- Raw data:
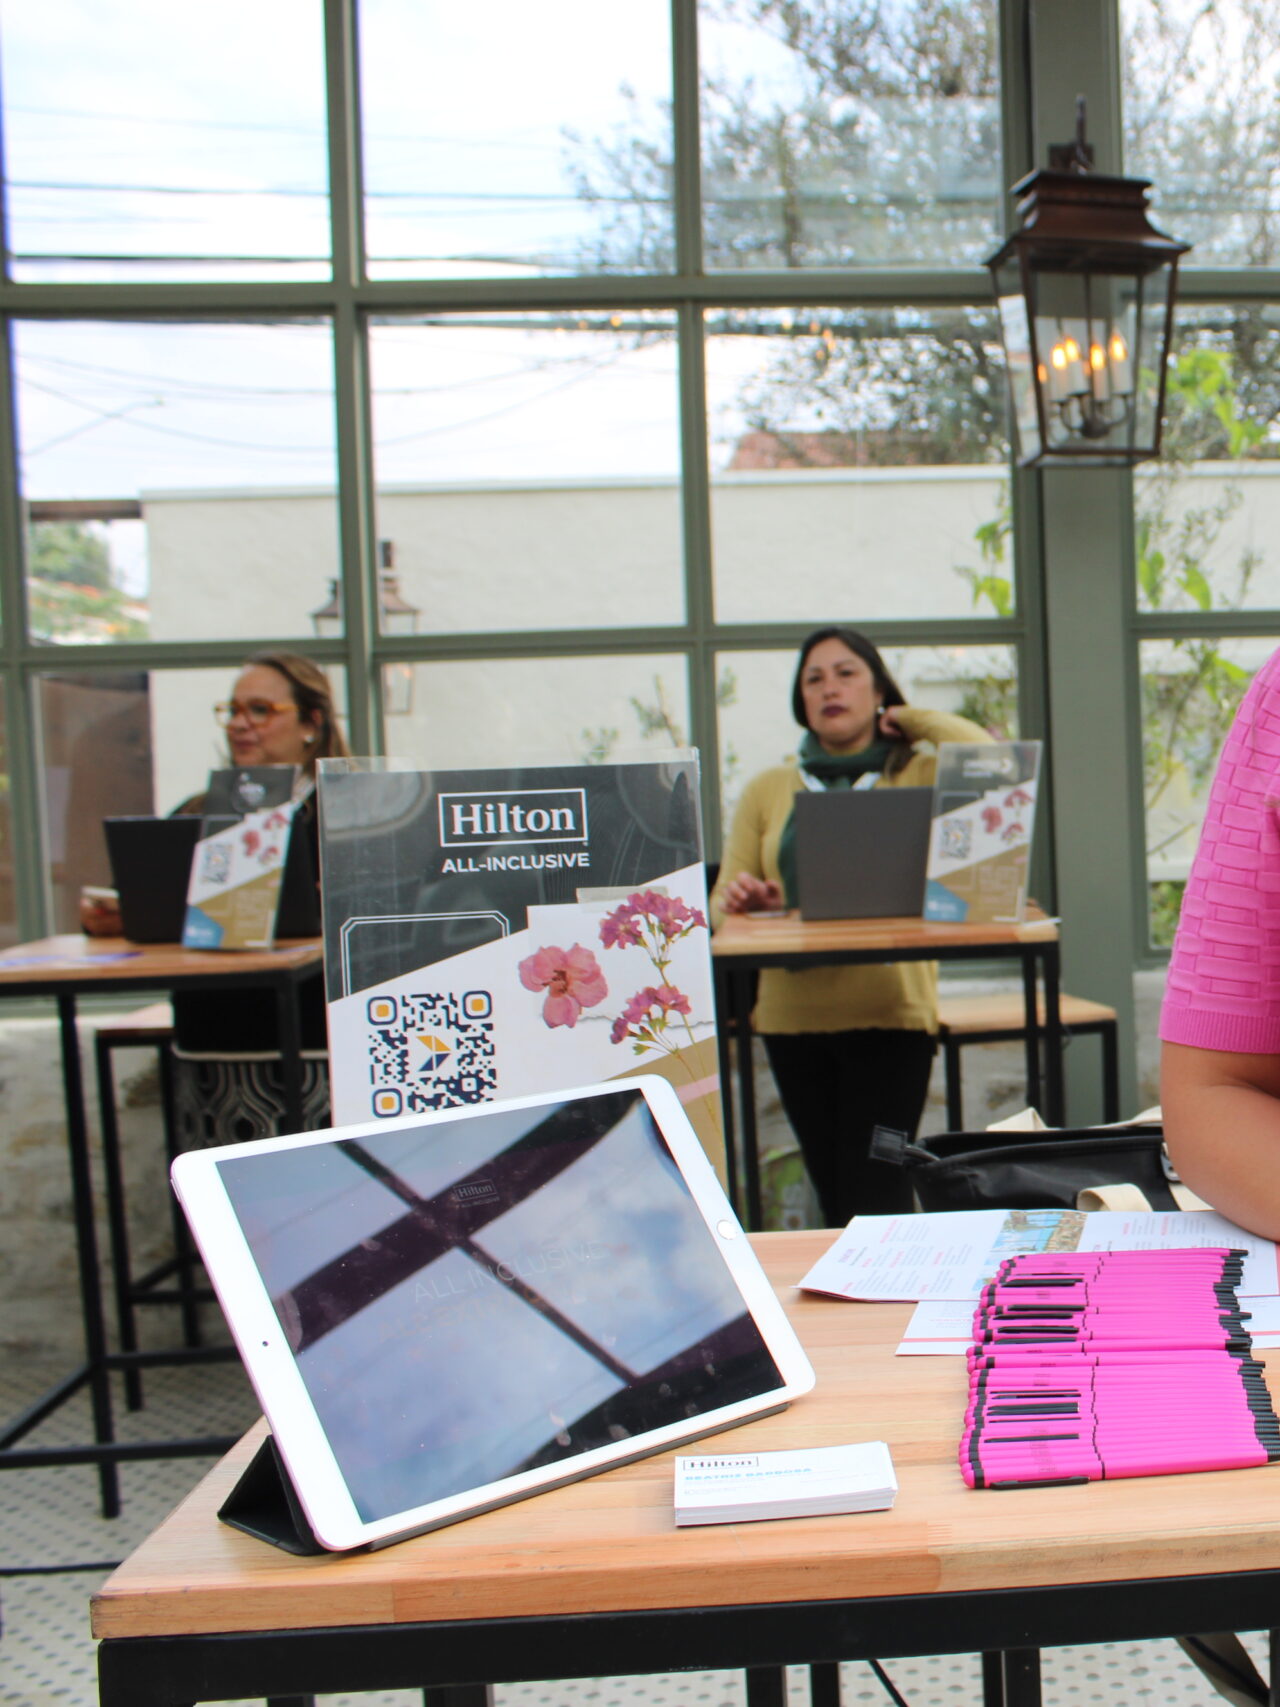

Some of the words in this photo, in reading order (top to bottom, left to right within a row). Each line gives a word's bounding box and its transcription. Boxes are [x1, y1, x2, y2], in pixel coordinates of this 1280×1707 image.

[451, 803, 575, 835] Hilton
[442, 852, 590, 874] ALL-INCLUSIVE
[457, 1184, 493, 1198] Hilton
[414, 1275, 465, 1303] ALL
[470, 1240, 606, 1289] INCLUSIVE

- Task to carry out: In your copy, leave out the pictures and reproduce the material above exactly.

- Solution to this exercise:
Some of the words in this photo, in reading order (top to bottom, left to right within a row). Each line gives a word's bounding box and its transcription. Boxes are [x1, y1, x2, y2], in pixel coordinates of this 1280×1707 image.

[451, 803, 575, 835] Hilton
[442, 852, 590, 874] ALL-INCLUSIVE
[457, 1184, 493, 1198] Hilton
[414, 1275, 465, 1303] ALL
[470, 1240, 606, 1289] INCLUSIVE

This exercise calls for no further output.